Where then are the errors in procedure or substantive law that would bring this case within the special circumstances One would have to look at the areas Chief Williams has complained about in his brief of argument and in oral argument. I shall start with the burden of proof. He contends that the two lower courts did not appreciate that the onus was on the 1st-4th defendants to establish the absolute grant from Are Latosa which they claimed. It was common ground between the parties that Are Latosa was the original owner of the land in dispute. The only disagreement was as to whether what he granted the 1st – 4th defendants’ ancestors was a limited or absolute grant. Ordinarily in a claim for declaration of titles, the onus is on the plaintiff to establish his title on the strength of his case. However, in the instant case where Are Latosa’s title is conceded, and the plaintiff admit to 1st-4th defendants being given a limited grant, the onus must necessarily shift to the defendants to establish that the grant was not limited but absolute. As Brett, J.S.C., said in Samson Ochonma v. Asirim Unosi (1965) N.M.L.R. 321 at 323

“the defendant having admitted that the plaintiff was the original owner of the land, the onus was on him to establish his plea that there had been an absolute grant to him,”

See also Isiba and Ors. v. Hanson and Anor. (1967) 1 All N.L.R. 8 at 10; Thomas v. Preston Holder (1946) 12 W.A.C.A. 78; Agbonifo v. Aiwereoba (1988) 1 N.W.L.R. (Pt.70) 325.

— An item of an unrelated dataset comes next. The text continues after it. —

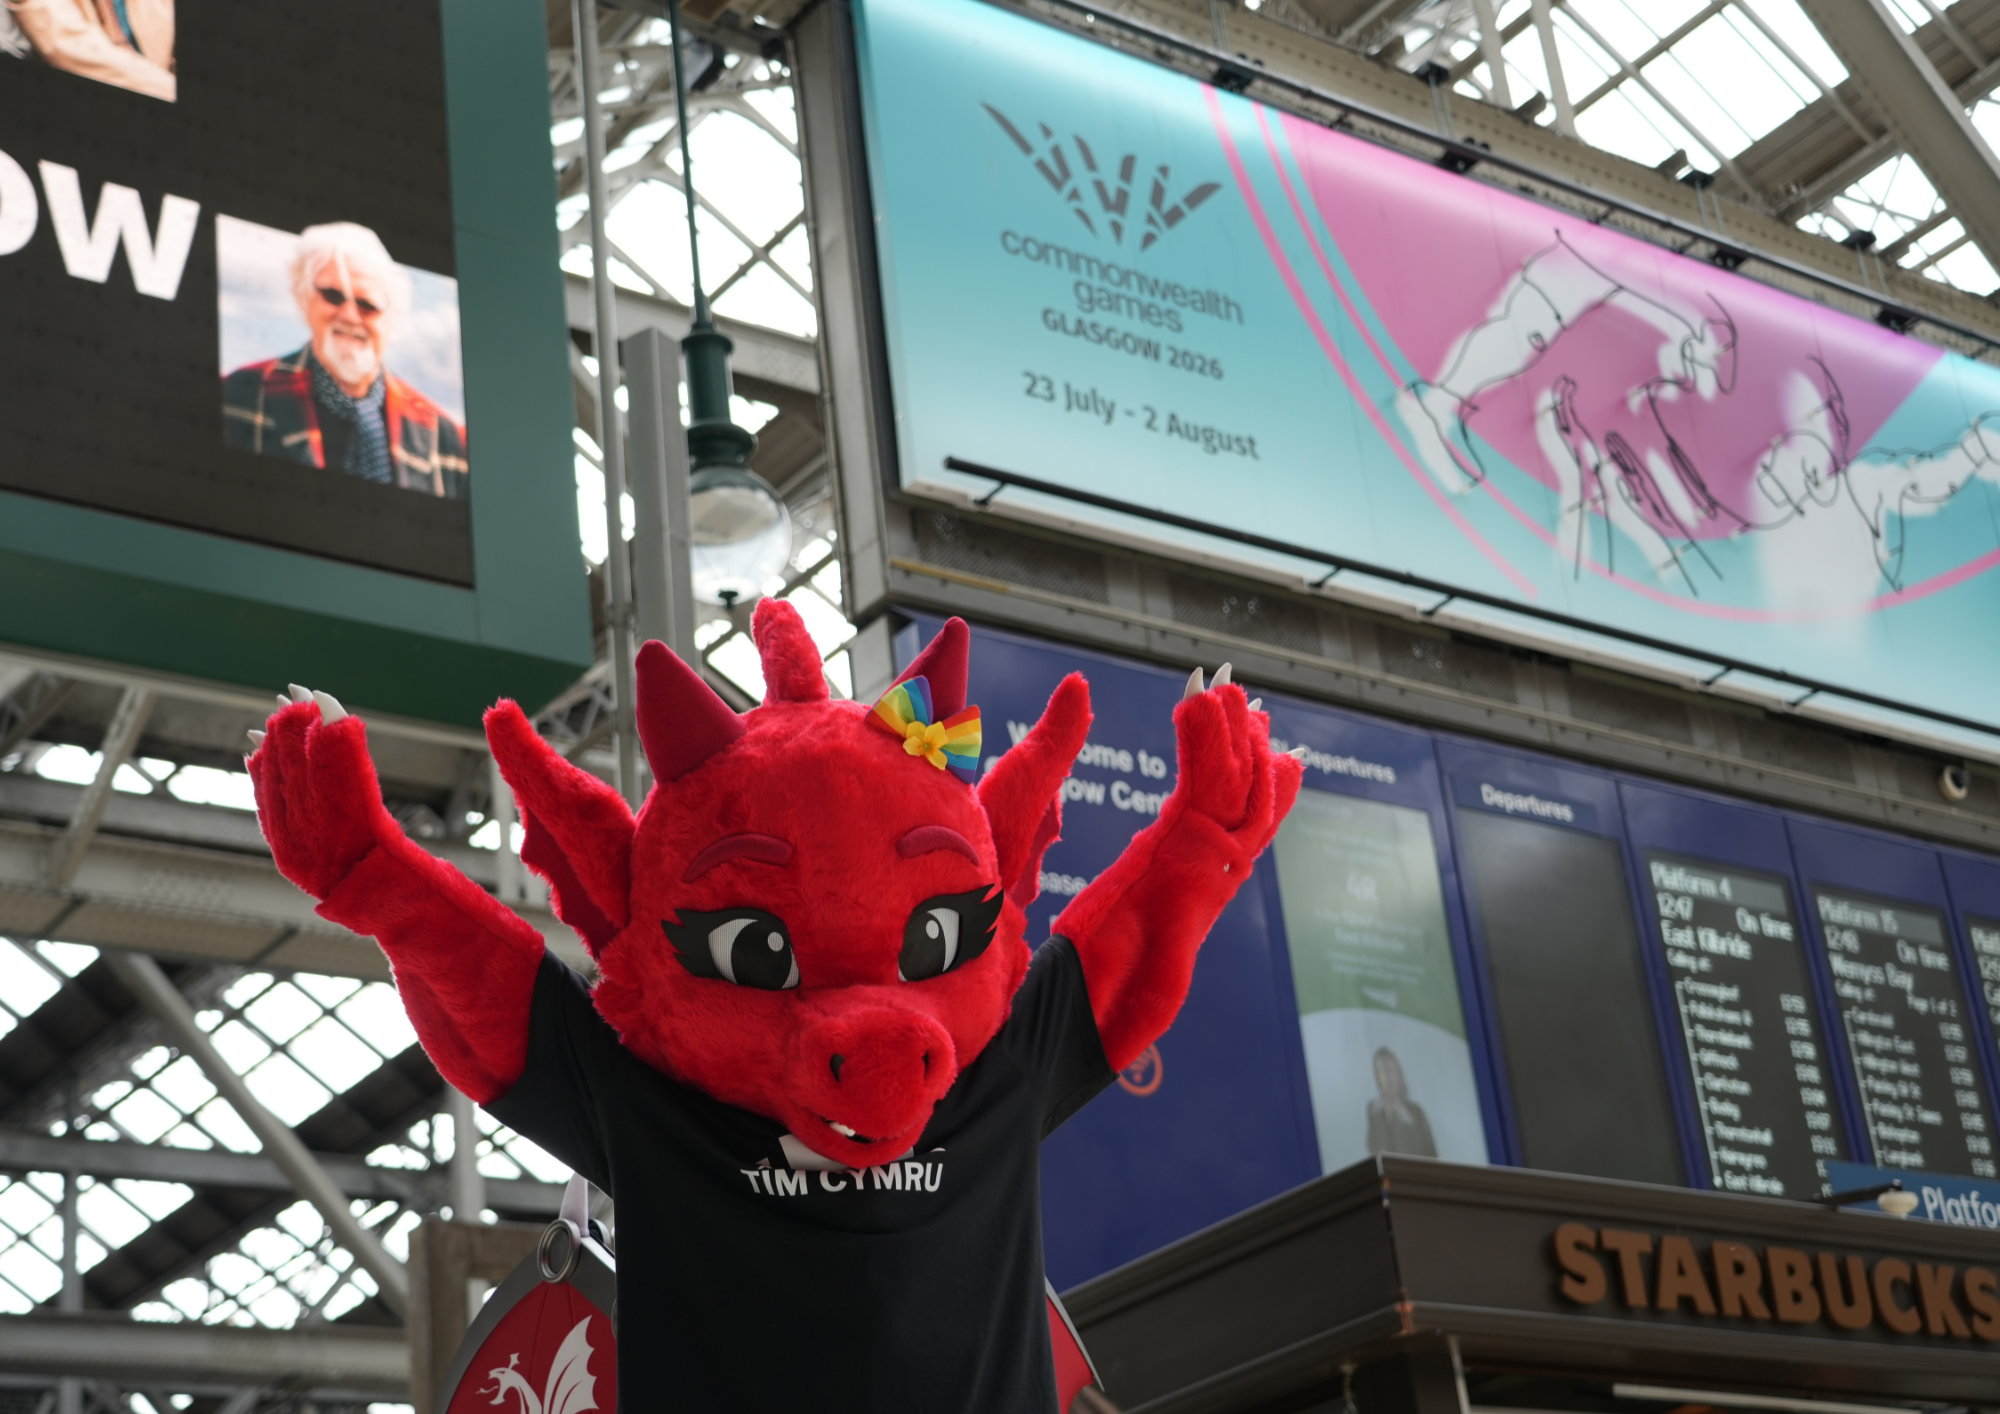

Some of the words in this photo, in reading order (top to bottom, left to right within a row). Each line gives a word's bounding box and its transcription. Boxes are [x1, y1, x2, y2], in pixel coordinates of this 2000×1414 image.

The next question to consider is whether there is anything to show that the two lower courts did not appreciate where the onus lay. Chief Williams certainly did not refer us to any portions of the record of proceedings to support such a contention. Indeed, it would seem that the only complaint can only be that the learned trial Judge did not say specifically that the burden was on the defendants to discharge that onus. In my view she clearly appreciated the issue she had to decide was there a limited or absolute grant Her whole consideration of the evidence led before her indicated that she was aware of the burden on the defendants and she was satisfied that that burden had been discharged. Her consideration of the evidence on Ishakole, acts of possession, building of houses and mosques grant of land to descendants of Are Latosa by Ipaye not by Are himself, indicated that she knew who had to go beyond the limited grant conceded by the plaintiffs. It cannot be said that she ever put a burden on the plaintiffs to establish that the 2nd – 4th defendants did not have an absolute grant. If she dismissed their claims, it was because they were unable to establish the case they put forward a limited grant to 2nd-4th defendants.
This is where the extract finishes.